Ekstrøm Claus Thorn
Department of Mathematics and Physics, Royal Veterinary and Agricultural University, Frederiksberg, Denmark.
Genet Epidemiol. 2003 Nov;25(3):214-24. doi: 10.1002/gepi.10259.
Genetic marker data play a crucial role in gene mapping, and genotyping errors may have substantial influence on the power to detect and the precision to locate disease loci. Statistical methods can identify individuals, markers, or pedigrees with a high likelihood of containing genotyping errors, and the putative erroneous genotypes can then be rechecked and either verified, removed, or corrected to reduce the loss of power introduced by errors. We present a method to identify genetic markers with a high genotyping error rate. Genotyping errors are likely to appear as double recombinations which expand the genetic map around the marker. Markers flagged as map expanders (i.e., having an excessive number of double recombinations) can then be reread or regenotyped, or a replacement marker of higher quality can be used instead. The proposed method can be applied to any type of pedigree. Simulation studies of nuclear pedigrees and sib-pairs show that the proposed method generally has high power to identify map expanders when the set of markers is reasonably dense (average intermarker distance of 5 cM), even when the nominal genotyping error rate is low (2%). Not surprisingly, the power to detect map expanders increases with marker heterozygosity and genotyping error rate, and is reduced with increasing intermarker distance. When the method was applied to a real dataset consisting of 56 nuclear pedigrees genotyped for 20 microsatellite markers on chromosome 4, the method diagnosed three markers as map expanders. Subsequent examination of these markers proved that they all had high genotyping error frequencies.

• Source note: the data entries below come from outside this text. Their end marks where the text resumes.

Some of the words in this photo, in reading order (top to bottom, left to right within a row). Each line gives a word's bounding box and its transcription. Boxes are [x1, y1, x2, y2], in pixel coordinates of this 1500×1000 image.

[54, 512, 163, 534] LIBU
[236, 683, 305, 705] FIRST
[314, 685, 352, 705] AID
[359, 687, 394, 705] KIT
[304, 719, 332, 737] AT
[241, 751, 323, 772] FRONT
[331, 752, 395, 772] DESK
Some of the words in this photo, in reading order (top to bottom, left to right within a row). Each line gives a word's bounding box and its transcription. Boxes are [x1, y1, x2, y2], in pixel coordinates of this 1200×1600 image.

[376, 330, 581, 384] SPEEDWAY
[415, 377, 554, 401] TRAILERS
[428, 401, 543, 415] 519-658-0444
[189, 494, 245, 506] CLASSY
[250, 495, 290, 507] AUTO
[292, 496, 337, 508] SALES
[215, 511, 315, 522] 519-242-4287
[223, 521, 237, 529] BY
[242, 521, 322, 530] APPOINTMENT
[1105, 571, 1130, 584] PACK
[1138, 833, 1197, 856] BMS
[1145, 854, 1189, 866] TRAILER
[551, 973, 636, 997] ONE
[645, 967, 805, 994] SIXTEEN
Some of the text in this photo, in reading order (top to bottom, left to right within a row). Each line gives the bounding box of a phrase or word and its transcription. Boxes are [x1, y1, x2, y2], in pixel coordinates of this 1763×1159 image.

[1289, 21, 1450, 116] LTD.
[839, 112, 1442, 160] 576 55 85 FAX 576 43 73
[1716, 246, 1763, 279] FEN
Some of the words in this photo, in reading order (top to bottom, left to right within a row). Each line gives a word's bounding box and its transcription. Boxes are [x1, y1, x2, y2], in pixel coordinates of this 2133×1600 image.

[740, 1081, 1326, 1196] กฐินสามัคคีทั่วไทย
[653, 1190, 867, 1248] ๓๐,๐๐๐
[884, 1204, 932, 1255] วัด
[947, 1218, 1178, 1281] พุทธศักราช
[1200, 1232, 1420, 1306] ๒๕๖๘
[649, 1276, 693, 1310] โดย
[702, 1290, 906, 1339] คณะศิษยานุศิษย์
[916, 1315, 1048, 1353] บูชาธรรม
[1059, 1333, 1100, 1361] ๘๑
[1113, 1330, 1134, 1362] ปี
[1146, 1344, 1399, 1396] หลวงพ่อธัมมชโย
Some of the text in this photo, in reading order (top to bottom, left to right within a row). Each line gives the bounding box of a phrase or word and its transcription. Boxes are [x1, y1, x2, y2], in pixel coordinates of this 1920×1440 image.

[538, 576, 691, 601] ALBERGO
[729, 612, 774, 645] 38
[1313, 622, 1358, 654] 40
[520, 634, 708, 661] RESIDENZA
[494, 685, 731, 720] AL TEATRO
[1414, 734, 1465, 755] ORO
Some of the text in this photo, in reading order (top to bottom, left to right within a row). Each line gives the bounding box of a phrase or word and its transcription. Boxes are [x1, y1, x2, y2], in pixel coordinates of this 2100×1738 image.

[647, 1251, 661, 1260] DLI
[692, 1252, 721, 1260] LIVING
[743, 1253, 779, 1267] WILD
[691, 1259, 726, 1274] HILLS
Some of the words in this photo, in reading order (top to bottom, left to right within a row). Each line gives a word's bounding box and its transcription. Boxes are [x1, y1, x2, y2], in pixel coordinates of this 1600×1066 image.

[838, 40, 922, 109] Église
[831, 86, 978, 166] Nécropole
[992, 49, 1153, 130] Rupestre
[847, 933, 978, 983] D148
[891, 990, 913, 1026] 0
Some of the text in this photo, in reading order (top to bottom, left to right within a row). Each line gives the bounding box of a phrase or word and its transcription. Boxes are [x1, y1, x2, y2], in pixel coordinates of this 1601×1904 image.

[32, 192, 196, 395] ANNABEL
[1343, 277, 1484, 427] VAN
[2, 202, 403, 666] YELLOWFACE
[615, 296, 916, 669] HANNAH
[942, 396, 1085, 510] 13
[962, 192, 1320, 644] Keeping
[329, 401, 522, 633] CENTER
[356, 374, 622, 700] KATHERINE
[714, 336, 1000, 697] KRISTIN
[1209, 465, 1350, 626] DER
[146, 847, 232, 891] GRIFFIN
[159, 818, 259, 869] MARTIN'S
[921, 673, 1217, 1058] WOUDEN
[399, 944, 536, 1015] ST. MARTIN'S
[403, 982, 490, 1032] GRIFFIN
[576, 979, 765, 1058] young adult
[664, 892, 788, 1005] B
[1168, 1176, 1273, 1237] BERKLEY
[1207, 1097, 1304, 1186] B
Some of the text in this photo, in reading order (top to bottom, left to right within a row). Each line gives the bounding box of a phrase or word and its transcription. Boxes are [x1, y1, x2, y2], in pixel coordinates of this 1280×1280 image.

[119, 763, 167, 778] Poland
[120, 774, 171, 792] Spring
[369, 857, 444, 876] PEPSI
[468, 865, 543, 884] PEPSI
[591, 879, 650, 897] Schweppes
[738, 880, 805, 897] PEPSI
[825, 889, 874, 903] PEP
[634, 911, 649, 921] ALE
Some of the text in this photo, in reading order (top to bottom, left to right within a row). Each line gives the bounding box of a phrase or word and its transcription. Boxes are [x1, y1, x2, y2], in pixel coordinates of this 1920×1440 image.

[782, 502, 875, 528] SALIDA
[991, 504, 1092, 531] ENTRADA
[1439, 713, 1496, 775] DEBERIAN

遗传标记数据在基因定位中起着至关重要的作用,而基因分型错误可能会对检测疾病位点的效能以及定位的精度产生重大影响。统计方法能够识别出极有可能包含基因分型错误的个体、标记或家系,随后可以对推定的错误基因型进行重新检查,进而予以验证、剔除或修正,以减少错误所导致的效能损失。我们提出了一种识别具有高基因分型错误率的遗传标记的方法。基因分型错误很可能表现为双交换,这会使标记周围的遗传图谱扩展。那些被标记为图谱扩展者(即具有过多双交换的标记)随后可以重新读取或重新进行基因分型,或者可以使用质量更高的替代标记。所提出的方法可应用于任何类型的家系。对核心家系和同胞对的模拟研究表明,当标记集相当密集(标记间平均距离为5厘摩)时,即便名义基因分型错误率很低(2%),所提出的方法通常也具有较高的效能来识别图谱扩展者。不出所料,检测图谱扩展者的效能会随着标记杂合性和基因分型错误率的增加而提高,并且会随着标记间距离的增加而降低。当将该方法应用于一个由56个核心家系组成的真实数据集时,这些家系对4号染色体上的20个微卫星标记进行了基因分型,该方法诊断出三个标记为图谱扩展者。随后对这些标记的检查证明它们都具有很高的基因分型错误频率。